## Work instructions:
Output exactly the lines spanning from the line containing "this 1740×786 image." to the last line of the entries, inclusive.

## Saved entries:
________________
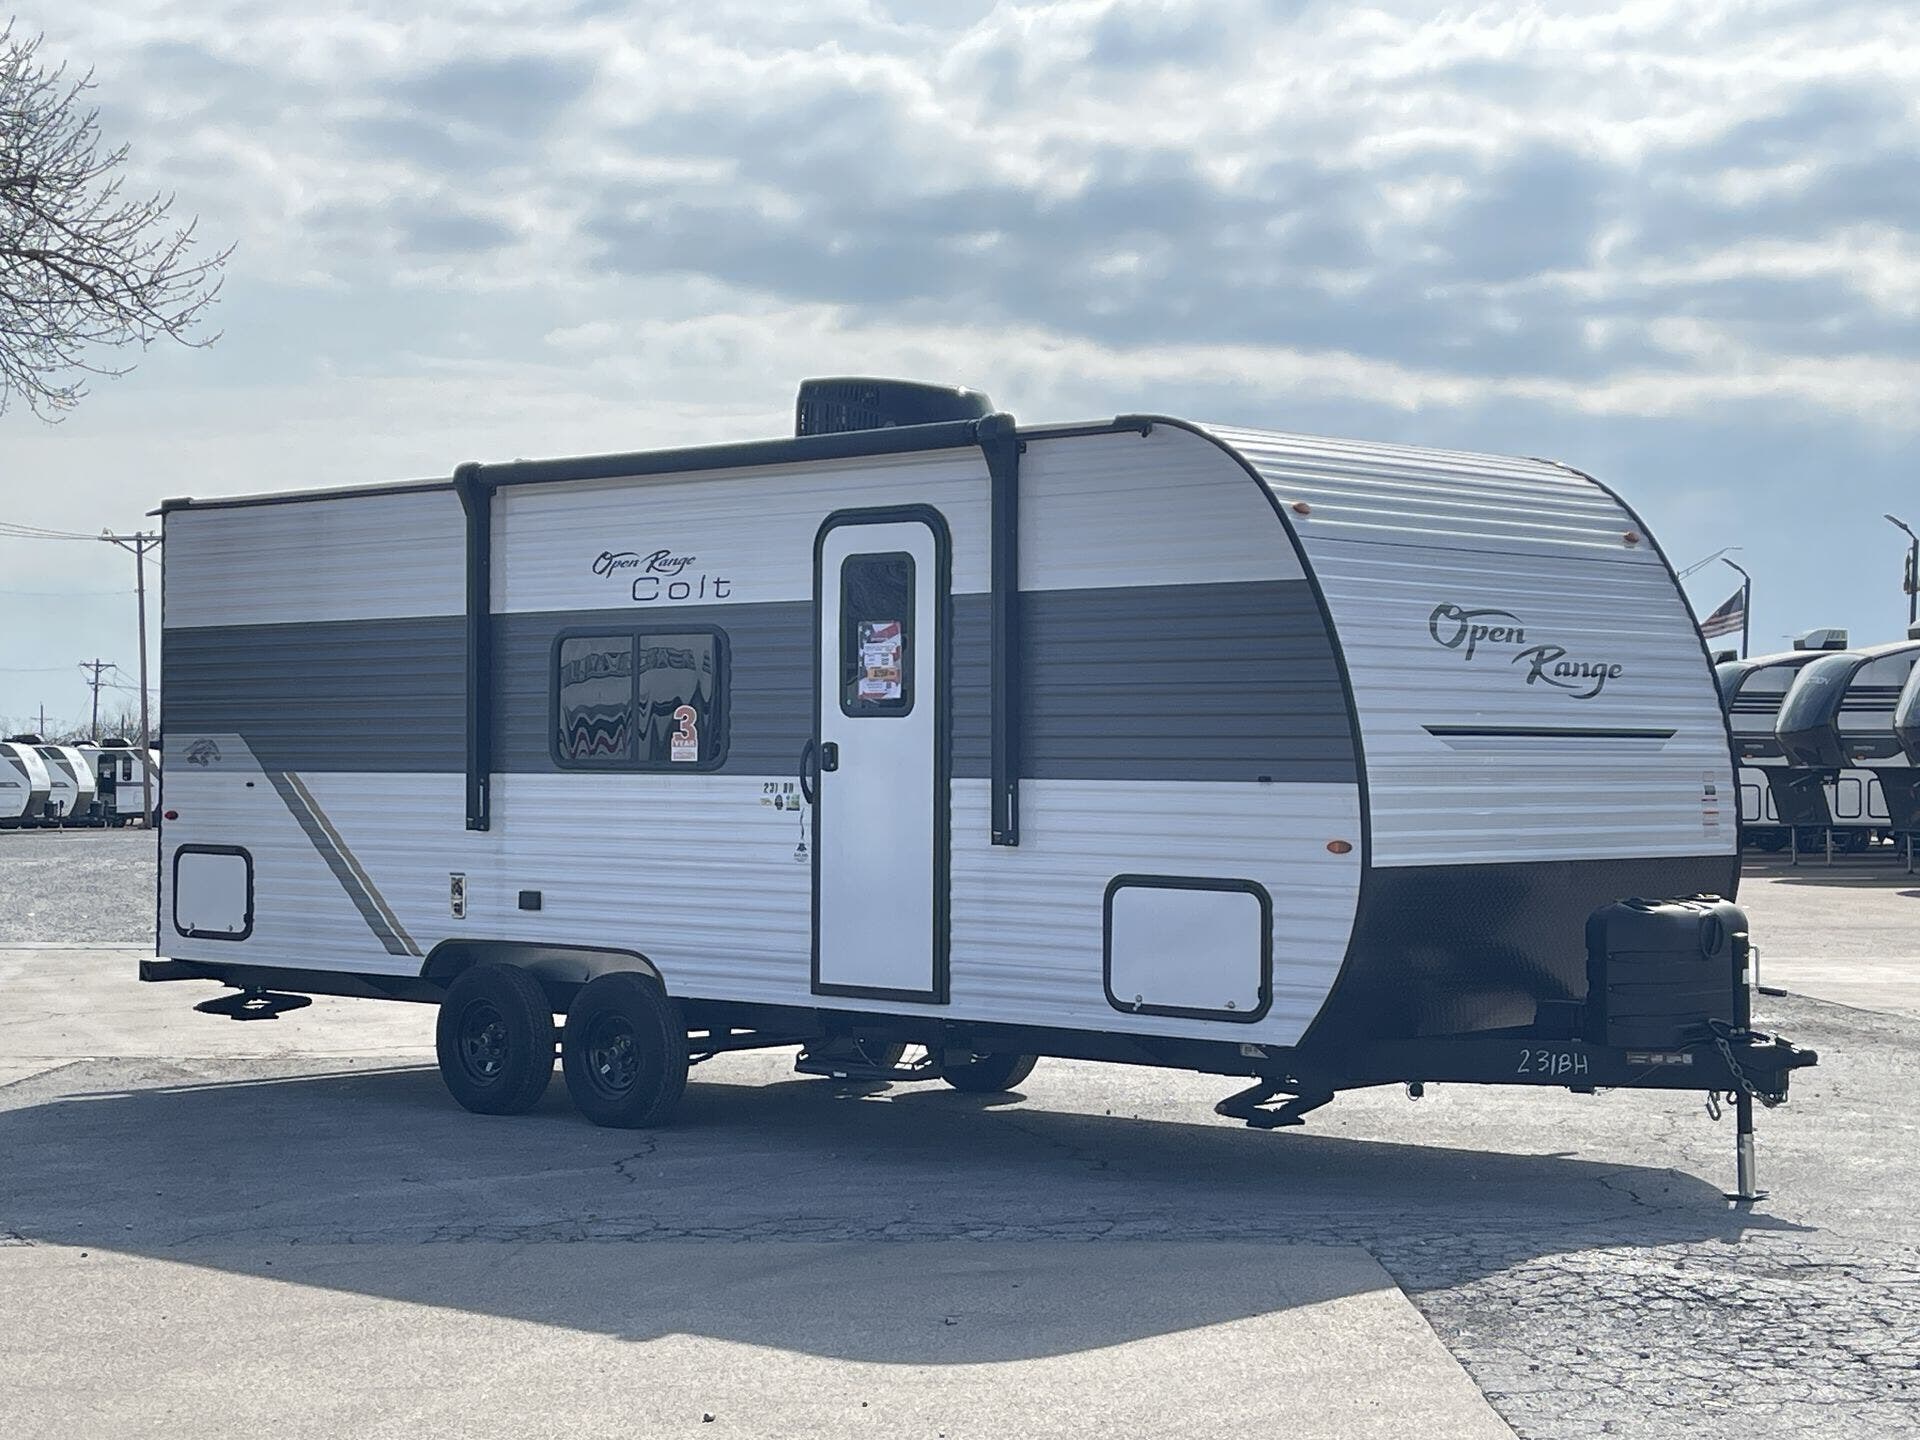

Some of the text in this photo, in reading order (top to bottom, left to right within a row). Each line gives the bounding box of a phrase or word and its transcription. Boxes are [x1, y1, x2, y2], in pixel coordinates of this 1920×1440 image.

[592, 549, 697, 579] Open Range
[632, 574, 731, 601] Colt
[1429, 603, 1526, 661] Open
[1511, 644, 1624, 700] Range
[673, 704, 698, 740] 3
[672, 739, 697, 748] YEAR
[1517, 1049, 1589, 1076] 231BH
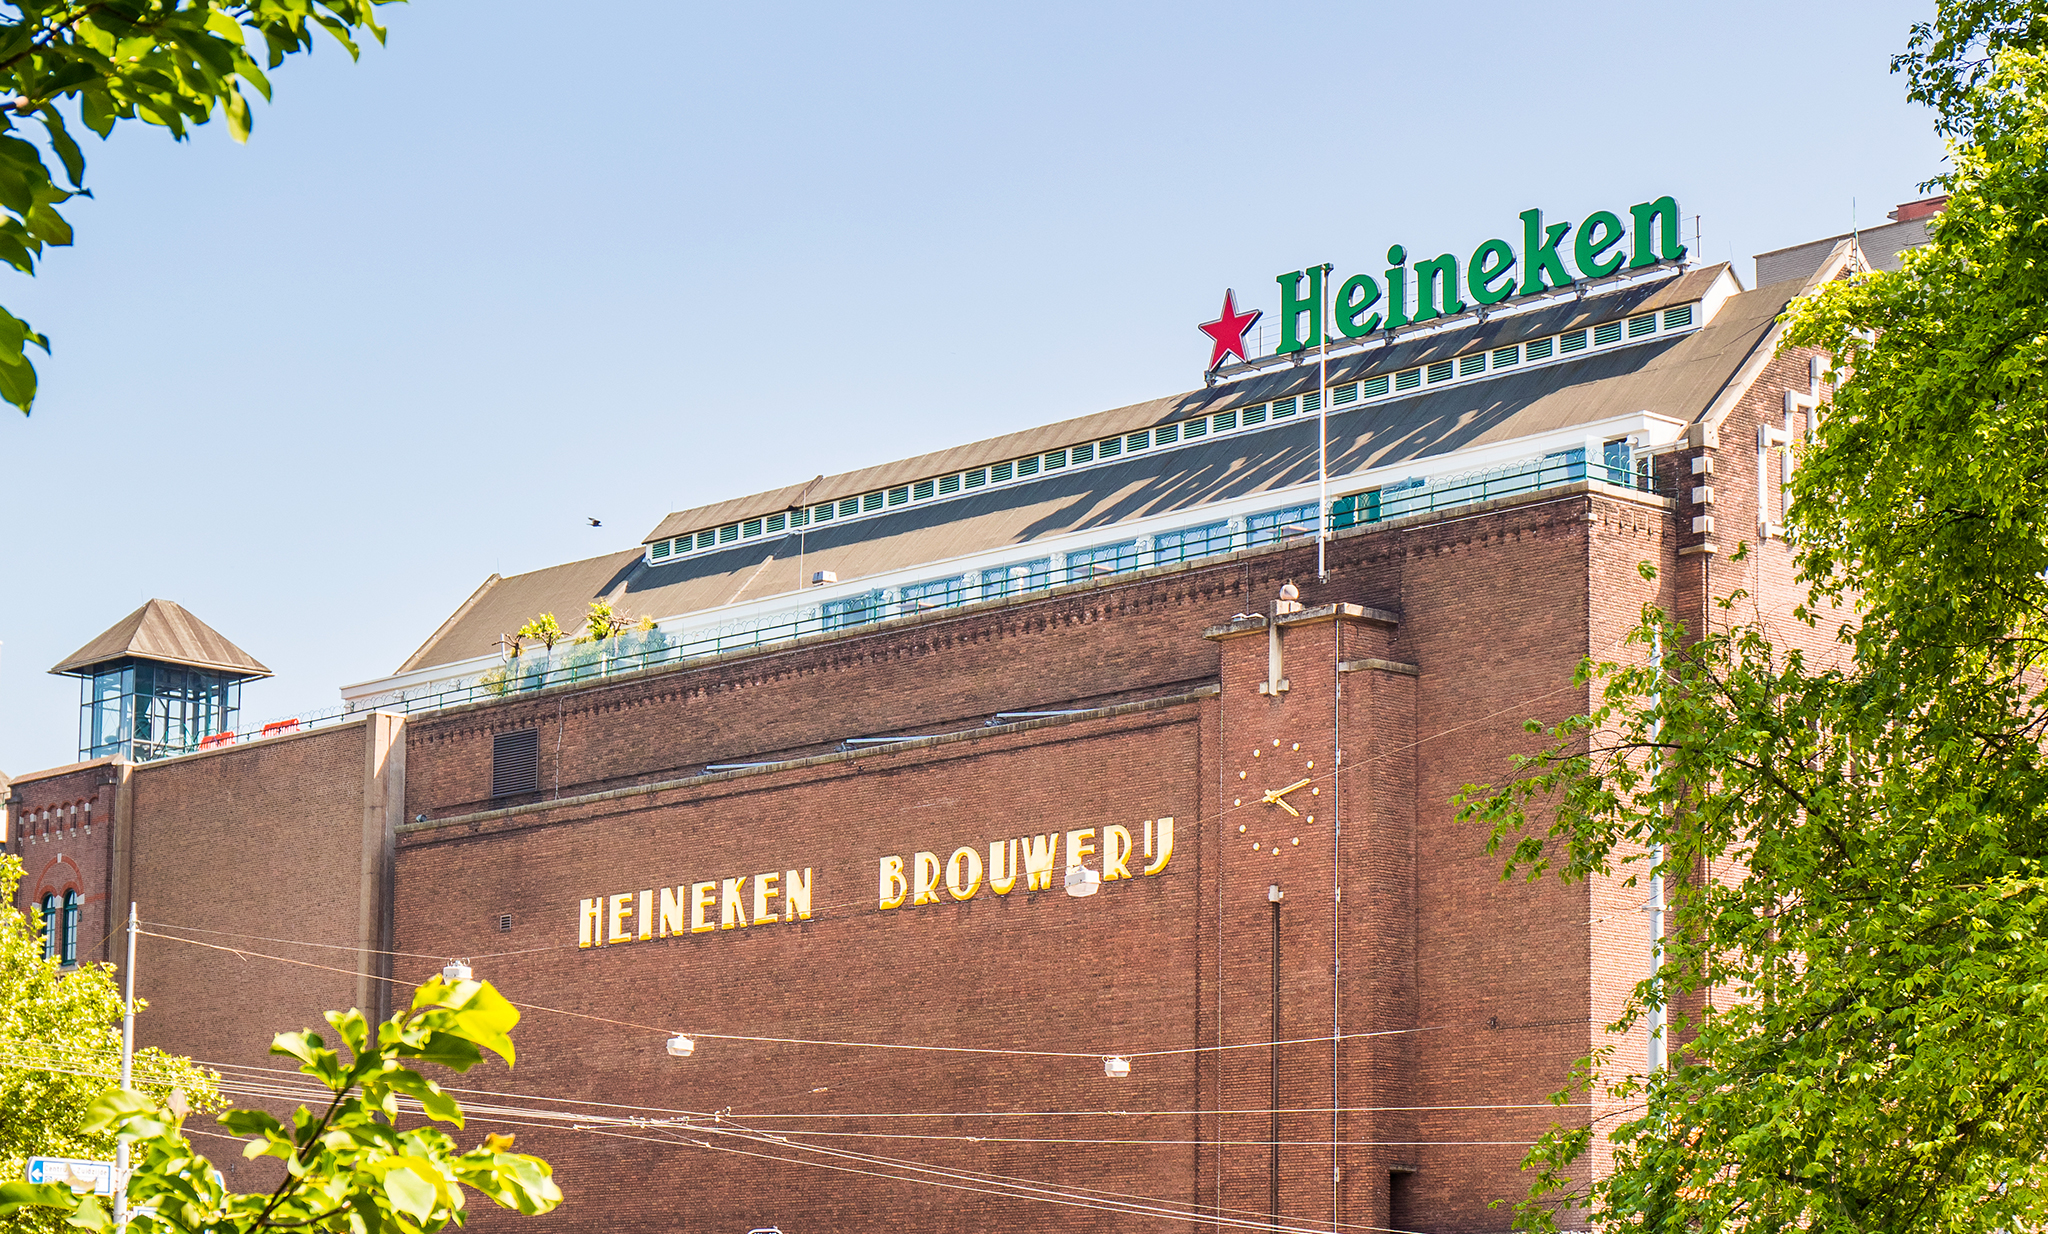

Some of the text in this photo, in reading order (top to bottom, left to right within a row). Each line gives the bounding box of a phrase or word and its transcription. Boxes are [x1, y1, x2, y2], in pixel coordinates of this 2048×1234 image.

[1276, 195, 1688, 356] Heineken
[578, 817, 1175, 949] HEINEKEN BROUWERIJ
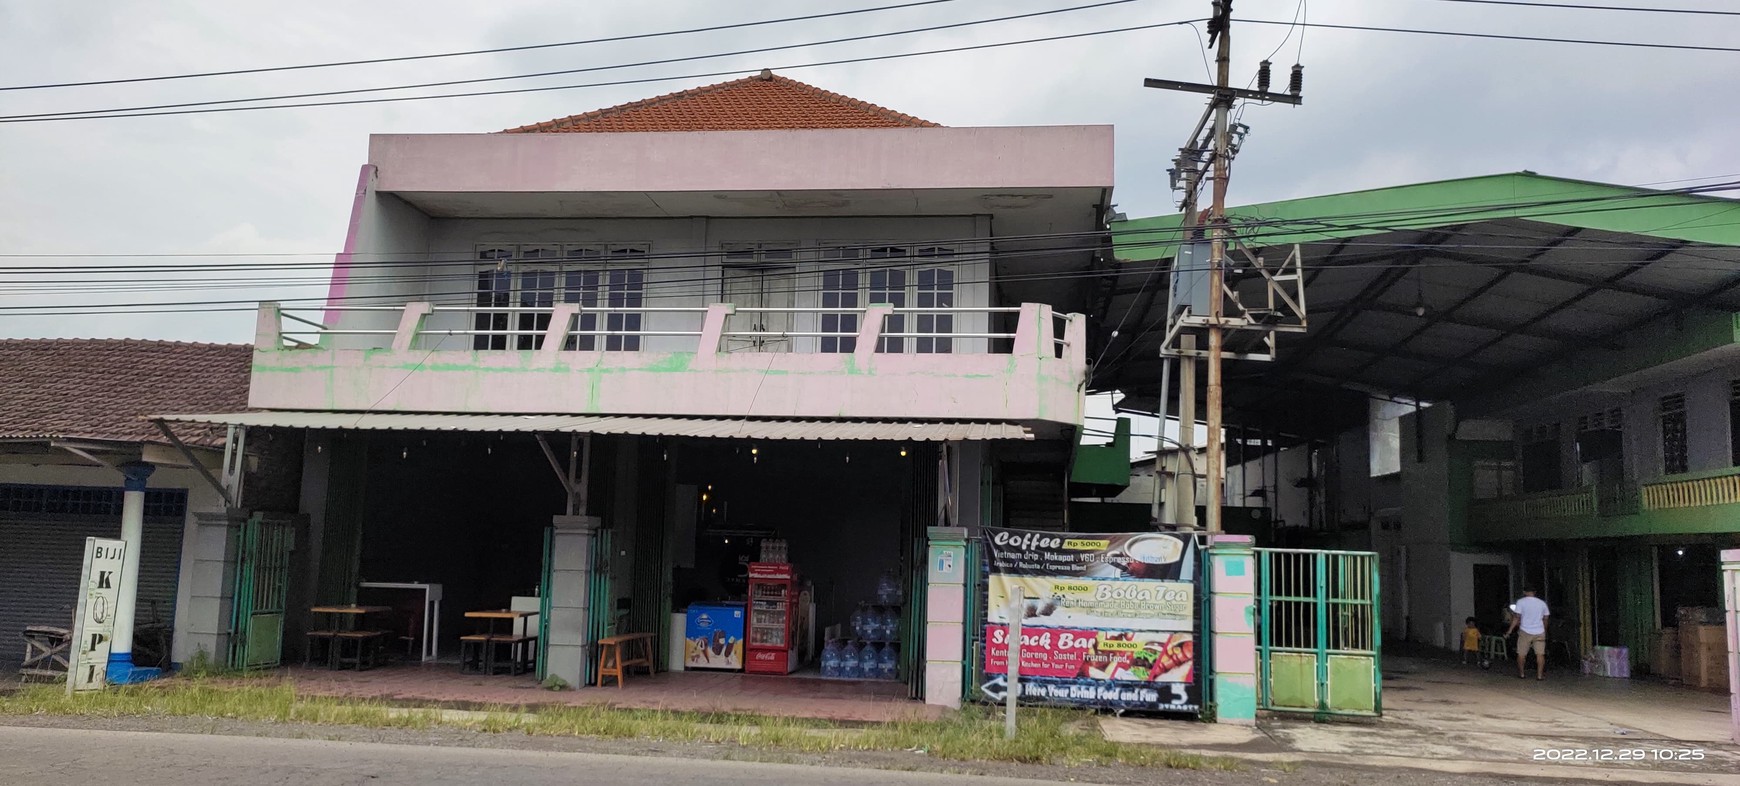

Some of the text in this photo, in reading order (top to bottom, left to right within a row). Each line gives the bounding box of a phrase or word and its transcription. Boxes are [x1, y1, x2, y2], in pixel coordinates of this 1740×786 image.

[994, 531, 1061, 550] Coffee
[1067, 541, 1078, 549] Rp
[95, 547, 122, 560] BIJI
[993, 549, 1022, 559] Vietnam
[1023, 551, 1038, 561] drip
[1054, 585, 1066, 593] Rp
[1095, 584, 1188, 602] Boba Tea
[87, 571, 113, 683] KOPI
[1058, 632, 1096, 649] Bar
[1021, 649, 1048, 660] Goreng
[1082, 651, 1108, 662] Frozen
[1025, 683, 1046, 696] Here
[1070, 685, 1096, 699] Drink
[1139, 688, 1158, 702] Fun
________________
## Solution to this task:
Some of the text in this photo, in reading order (top to bottom, left to right within a row). Each line gives the bounding box of a phrase or word and its transcription. Boxes are [x1, y1, x2, y2], in pixel coordinates of this 1740×786 image.

[994, 531, 1061, 550] Coffee
[1067, 541, 1078, 549] Rp
[95, 547, 122, 560] BIJI
[993, 549, 1022, 559] Vietnam
[1023, 551, 1038, 561] drip
[1054, 585, 1066, 593] Rp
[1095, 584, 1188, 602] Boba Tea
[87, 571, 113, 683] KOPI
[1058, 632, 1096, 649] Bar
[1021, 649, 1048, 660] Goreng
[1082, 651, 1108, 662] Frozen
[1025, 683, 1046, 696] Here
[1070, 685, 1096, 699] Drink
[1139, 688, 1158, 702] Fun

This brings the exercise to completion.